Tells us that the employer is Christian, has money and that the narrator draws a distinction between his own way of telling time and the employer’s.
- “‘Always read the fine print, Alibhai!” my employer reminds me when I draw up his contracts. He is unable to read it himself; his eyes are not good. ‘The African sun has spoilt them, Alibhai!’”
From this we learn that the employer is not able to read the notes the narrator is making, and the employer blames Africa for his poor eyesight.
- “He will think this writing fly-tracks, or smudges from my dirty hands (he persists in his opinion that I am always dirty)
Now we know for sure that the employer is white and racist. Also reinforces that the employer will not read these notes. This is a story hidden in plain sight, a common method used by under-classes everywhere
- “Having shot every type of animal in the Protectorate, he is now determined to try his hand at ogre.”
Tells us about the employer: his purpose, his history and therefore his character
- “My employer is of the opinion that I do not show a young man’s proper spirit. This, he tells me, is a racial defect, and therefore not my fault but I may improve myself by following his example… He says that… people will… quite naturally… want to kick me. He himself has kicked me on occasion.”
Brings the racism front and center, as it would have been at the time. By the end of this paragraph, the reader hates the employer—he literally kicks Alibhai! Note that this is achieved without the narrator expressing any emotion: all emotional reaction comes from the reader, and is in fact amplified by the narrator’s apparent acceptance of his mistreatment.
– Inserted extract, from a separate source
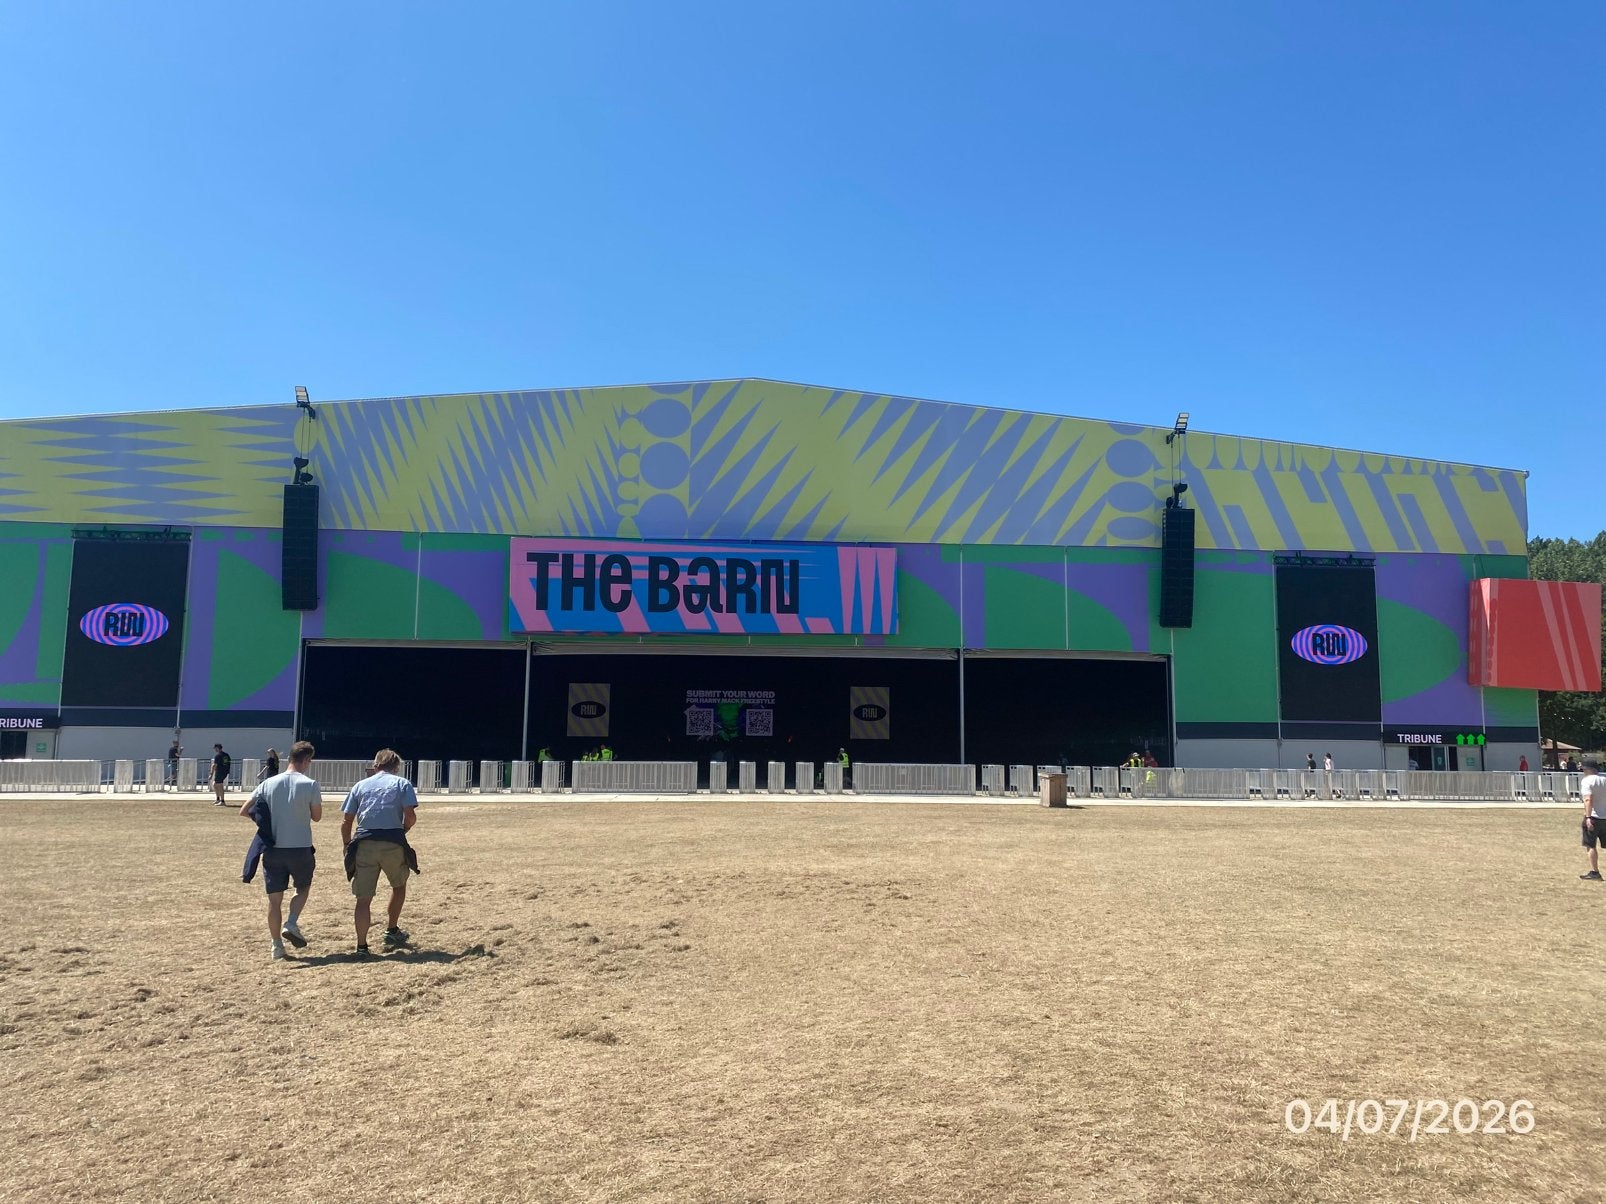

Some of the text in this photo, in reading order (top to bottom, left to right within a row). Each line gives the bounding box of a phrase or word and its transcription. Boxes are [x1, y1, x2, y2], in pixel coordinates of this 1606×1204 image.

[686, 690, 721, 698] SUBMIT
[722, 690, 747, 698] YOUR
[0, 718, 43, 728] RIBUNE
[1397, 734, 1442, 743] TRIBUNE
- “He thinks me… too frightened to go near the Somalis, who, to his mind, being devout Sunnis, must be plotting the removal of my Shi’a head. In fact, we all pray together. We are tired and far from home.”
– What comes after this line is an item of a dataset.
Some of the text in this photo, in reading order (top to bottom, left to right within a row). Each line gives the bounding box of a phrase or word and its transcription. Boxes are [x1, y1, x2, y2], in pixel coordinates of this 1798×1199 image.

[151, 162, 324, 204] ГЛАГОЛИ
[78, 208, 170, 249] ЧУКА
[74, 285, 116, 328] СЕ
The people working there have their own world which the employer is ignorant of. Again, a story told in the margins.
- “There is a strange pleasure in this writing and not-writing, these letters that hang between revelation and oblivion.” The narrator is aware of the tension. Also this reflects on the entire story: there is more going on here than the author is revealing.
- “If my employer discovered these notes, he would call them impudence, cunning, a trick. What would I say in my defense? ‘Sir, I was unable to tell you…’ He would laugh: he believes that all words are found in his language.” Note the perception of the colonial employer that his language is superior.
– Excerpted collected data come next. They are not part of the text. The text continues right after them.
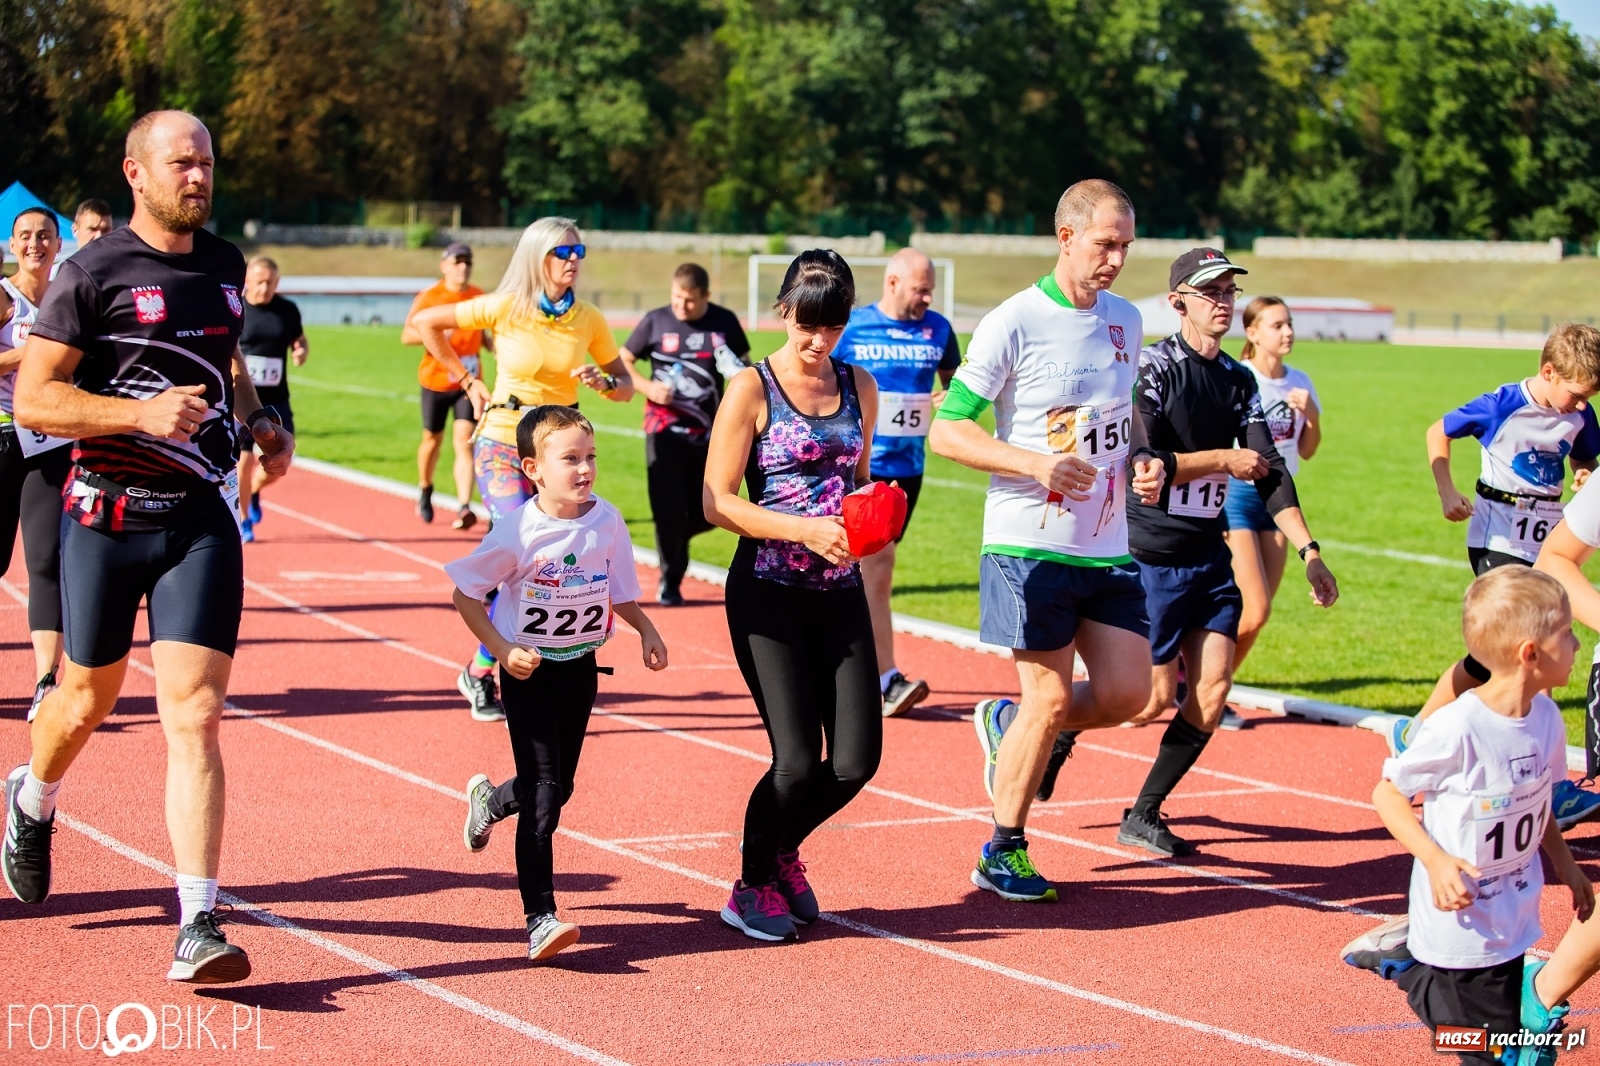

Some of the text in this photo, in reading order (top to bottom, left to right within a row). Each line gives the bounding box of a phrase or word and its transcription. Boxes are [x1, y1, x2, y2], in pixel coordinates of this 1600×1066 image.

[131, 285, 162, 294] POLSKA
[853, 343, 944, 361] RUNNERS
[891, 409, 922, 428] 45
[1083, 416, 1131, 456] 150
[152, 490, 187, 499] Kalenji
[1176, 481, 1227, 509] 115
[1516, 516, 1561, 544] 16
[522, 604, 604, 637] 222
[1484, 799, 1547, 861] 101
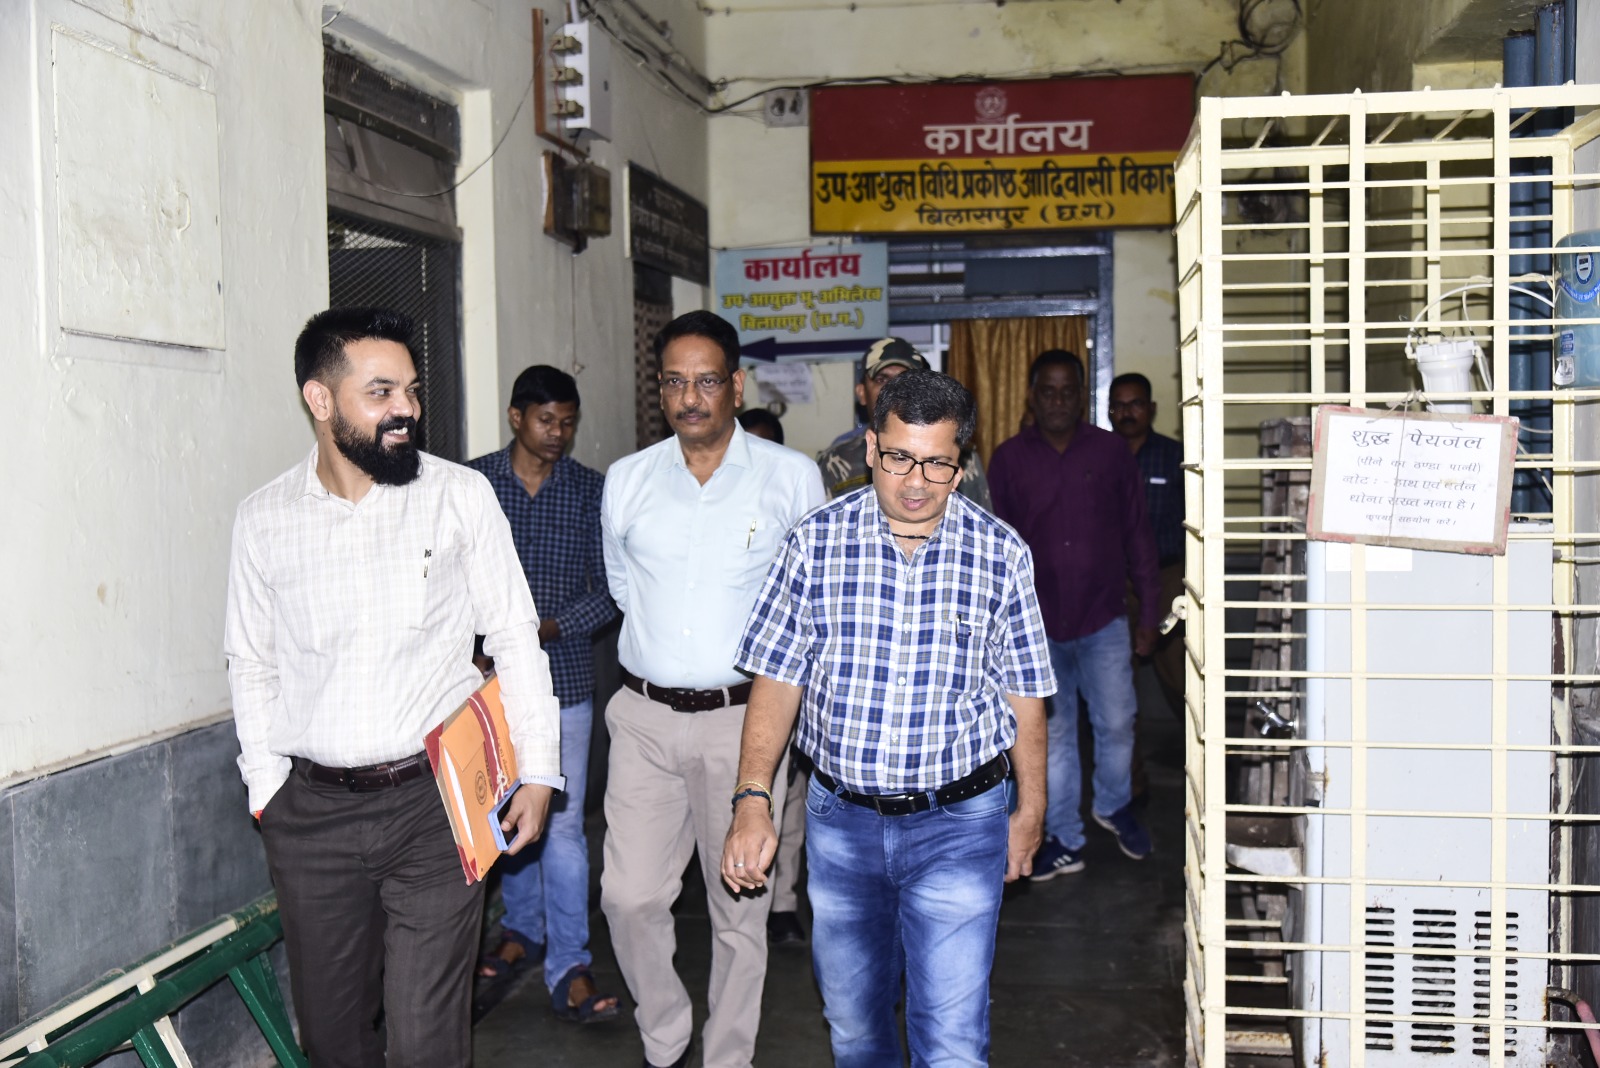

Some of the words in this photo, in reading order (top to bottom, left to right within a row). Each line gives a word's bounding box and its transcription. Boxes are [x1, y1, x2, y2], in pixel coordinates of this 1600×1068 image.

[923, 114, 1093, 154] कार्यालय
[919, 162, 959, 199] विधि
[961, 160, 1017, 200] प्रकोष्ठ
[1019, 157, 1116, 200] आदिवासी
[915, 201, 1029, 229] बिलासपुर
[743, 249, 862, 281] कार्यालय
[739, 313, 807, 333] बिलासपुर
[1351, 429, 1393, 447] शुद्ध
[1408, 428, 1485, 449] पेयजल
[1390, 460, 1406, 468] का
[1349, 493, 1383, 505] धोना
[1423, 499, 1452, 509] मना
[1398, 514, 1430, 524] सहयोग
- “I ask myself if there are words contained in Mary’s margins: stories of ogres she cannot tell me.” Ah: so our narrator is different from his employer. Also, this is the first hint from the author the stories of ogres are not just about ogres. Later we basically find out that Mary, her brother and eventually Alibhai himself will appear in them.
The main character, Alibhai, is revealed through his writing. The other characters, and the setting, and eventually the plot, are all revealed through the footnotes. And those kind of under-ground communication is entirely consistent with how a colonized and immigrant class would have to communicate.
I took these exercises to try to re-write one of my stories as a prayer from a mother. It definitely was an interesting exercise, but from the critique feedback it seems there are challenges to this. Perhaps a writer has to be even better than normal in order to pull off an experimental form, and that is why my initial reaction was resistance. If not done well, the form is gimmicky. If done well, however, it can be a unique and powerful way to tell a story through the sub-text.